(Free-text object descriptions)
--------

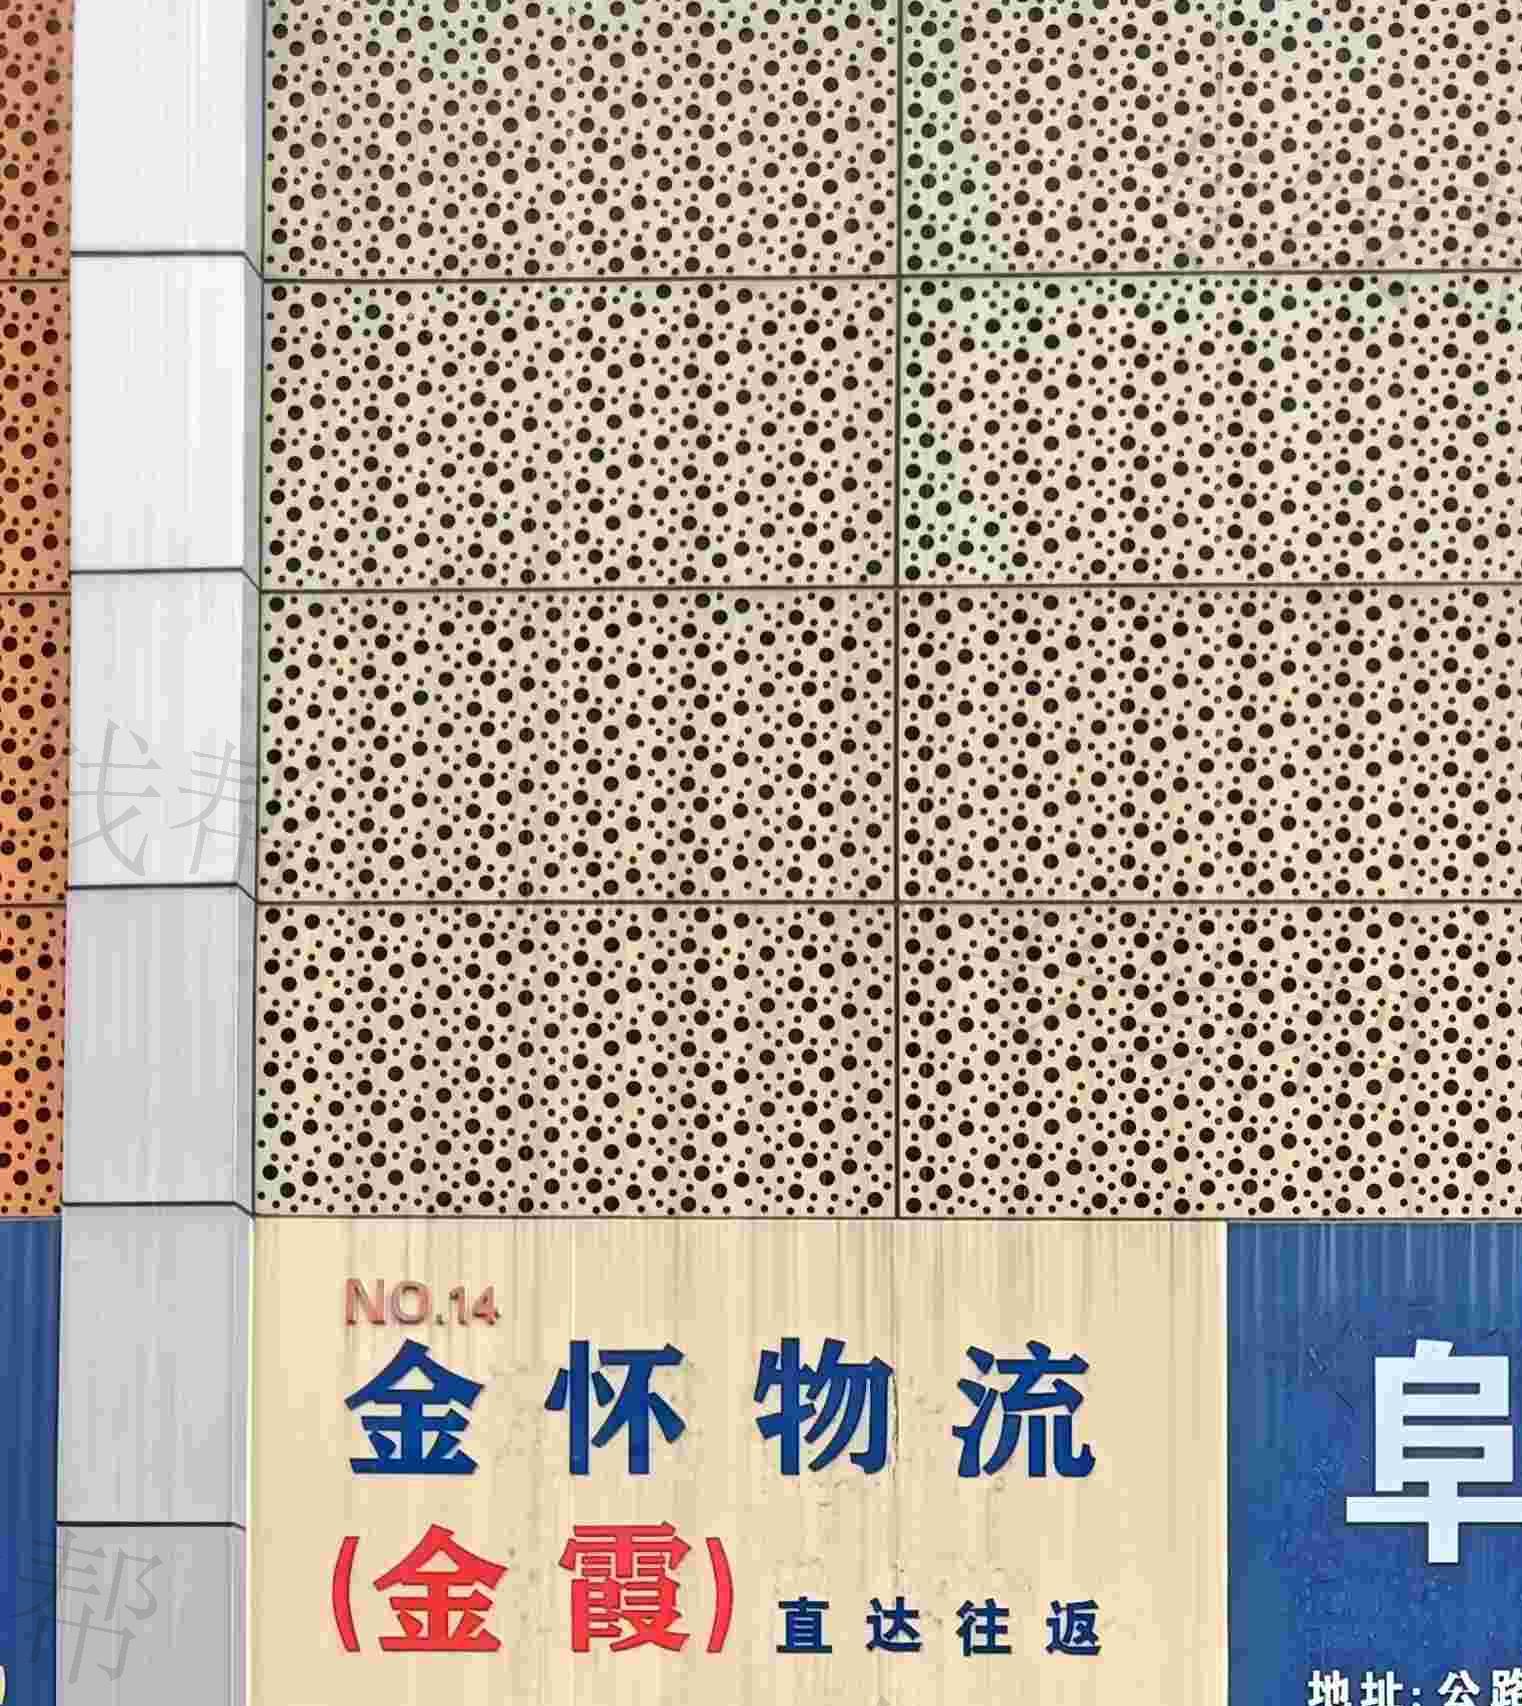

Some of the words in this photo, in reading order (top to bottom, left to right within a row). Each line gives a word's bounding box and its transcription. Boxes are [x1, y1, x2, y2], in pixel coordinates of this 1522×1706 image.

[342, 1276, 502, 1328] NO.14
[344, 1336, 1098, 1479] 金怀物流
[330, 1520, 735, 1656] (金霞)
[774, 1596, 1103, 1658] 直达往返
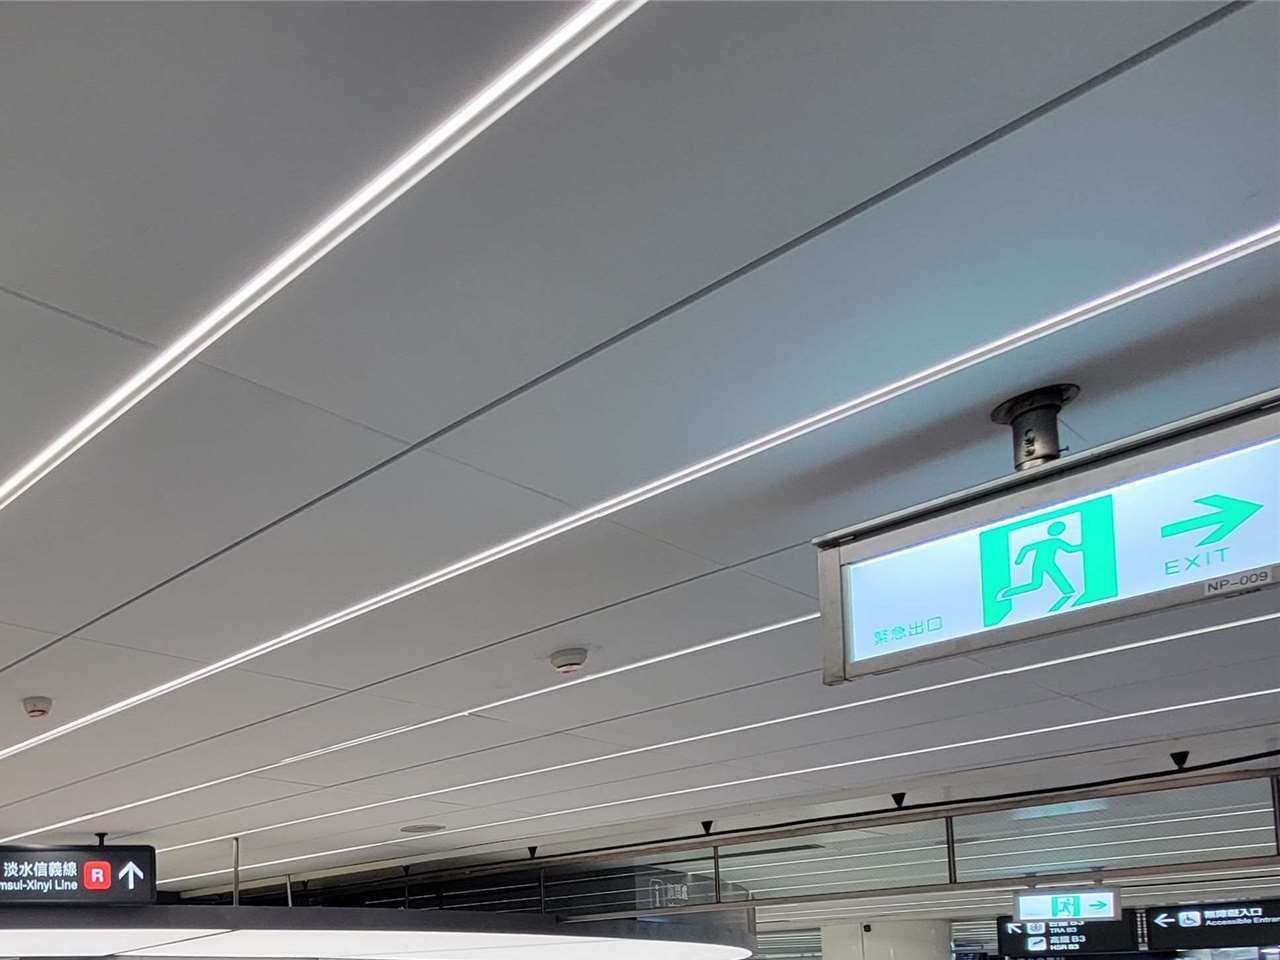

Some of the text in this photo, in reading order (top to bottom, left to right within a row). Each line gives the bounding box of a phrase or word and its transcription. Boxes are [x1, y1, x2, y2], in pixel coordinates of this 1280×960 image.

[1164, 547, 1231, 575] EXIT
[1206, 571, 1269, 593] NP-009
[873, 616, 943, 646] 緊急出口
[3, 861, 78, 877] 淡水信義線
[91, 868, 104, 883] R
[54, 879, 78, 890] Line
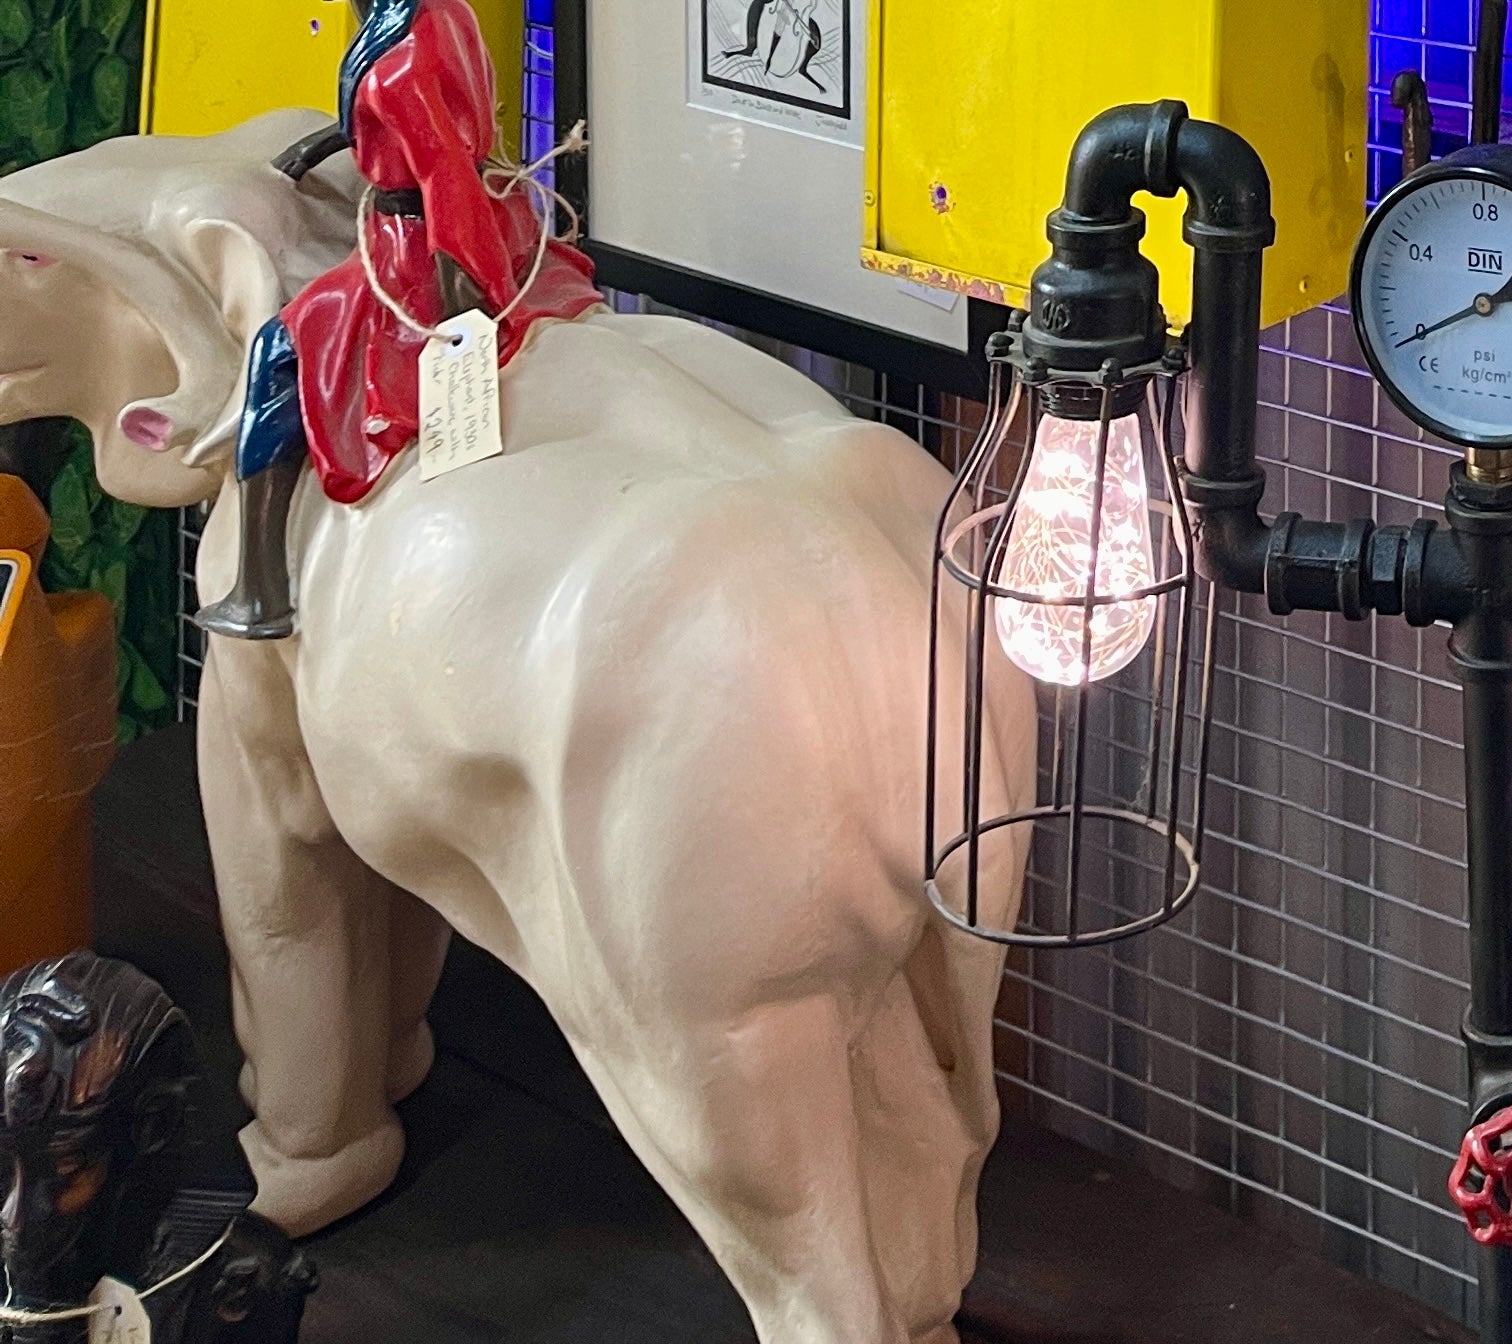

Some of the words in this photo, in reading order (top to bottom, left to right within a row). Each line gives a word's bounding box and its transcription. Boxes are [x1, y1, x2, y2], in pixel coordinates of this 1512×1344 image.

--------

> **What the exercise asks**: For this exercise, please reproduce the records above exactly and drop the images.

> **Reply to the task**:
Some of the words in this photo, in reading order (top to bottom, left to right within a row). Each line gives a word's bounding box and its transcription. Boxes are [x1, y1, x2, y2], in pixel coordinates of this 1522×1706 image.

[342, 1276, 502, 1328] NO.14
[344, 1336, 1098, 1479] 金怀物流
[330, 1520, 735, 1656] (金霞)
[774, 1596, 1103, 1658] 直达往返

Some of the text in this photo, in reading order (top to bottom, left to right within a row). Each line gives the bounding box of a phrase or word and its transcription. Boxes are [x1, y1, x2, y2], in pixel coordinates of this 1280×960 image.

[1164, 547, 1231, 575] EXIT
[1206, 571, 1269, 593] NP-009
[873, 616, 943, 646] 緊急出口
[3, 861, 78, 877] 淡水信義線
[91, 868, 104, 883] R
[54, 879, 78, 890] Line

Some of the words in this photo, in reading order (top to bottom, left to right within a row). Each line gives a word's bounding box and its transcription. Boxes are [x1, y1, x2, y2], in pixel coordinates of this 1512×1344 image.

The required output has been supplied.